Unable to pass up metrics that pertain to law departments, unwilling not to squeeze metrics for what might drip out, I will confess that a recent sentence left me puzzled. In Met. Corp. Counsel, March 2012 at 16, an FTI consultant shares some findings from FTI’s interviews with 31 in-house counsel. The topic was e-discovery and his metric is that e-discovery service providers to the law departments had dropped in one year “from an average of five providers in 2010 to a 2011 average of three.”
What to make of that finding? First, let us assume that the methodology was sound enough. That is, 31 in-house senior lawyers who handle discovery issues were reasonably representative and the question was clear and the group year-over-year was sufficiently the same, etc. (I noted that three out of four work in companies of $10 billion or more in annual revenue, which alone makes them highly unusual.). Second, let us assume that the median change was comparable, not that one law department that had used a large number of providers drastically cut its rolls and lowered the group average. Third, let us assume that FTI, a large and capable service provider, did not bend the findings to promote its value proposition: hire just us, not lots of others, because we can do it all.

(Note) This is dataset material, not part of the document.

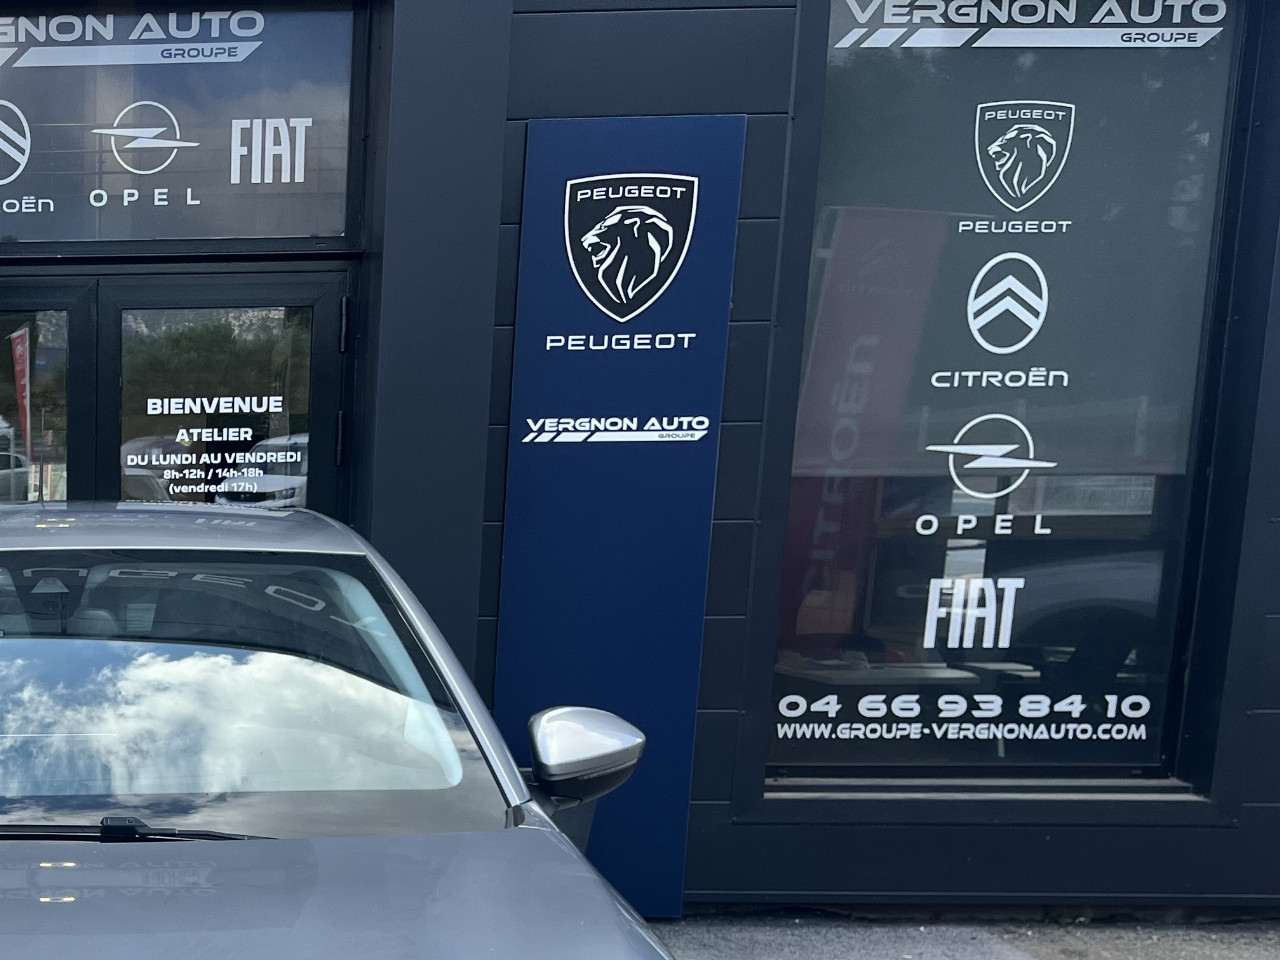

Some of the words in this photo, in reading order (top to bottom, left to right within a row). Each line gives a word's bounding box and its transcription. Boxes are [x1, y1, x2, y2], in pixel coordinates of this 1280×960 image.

Does, then, the 33% drop in the average number of providers hired portend drastic consolidation in the industry? Does it mean law departments have virtually eliminated some particular kind of provider (consultants, forensic specialists, hosting services, temporary staffers) or is the shrinkage shared across them all? Even more telling, and going to the nub of the implicit benefit, has the proclaimed drop in the number of retentions saved money or improved quality?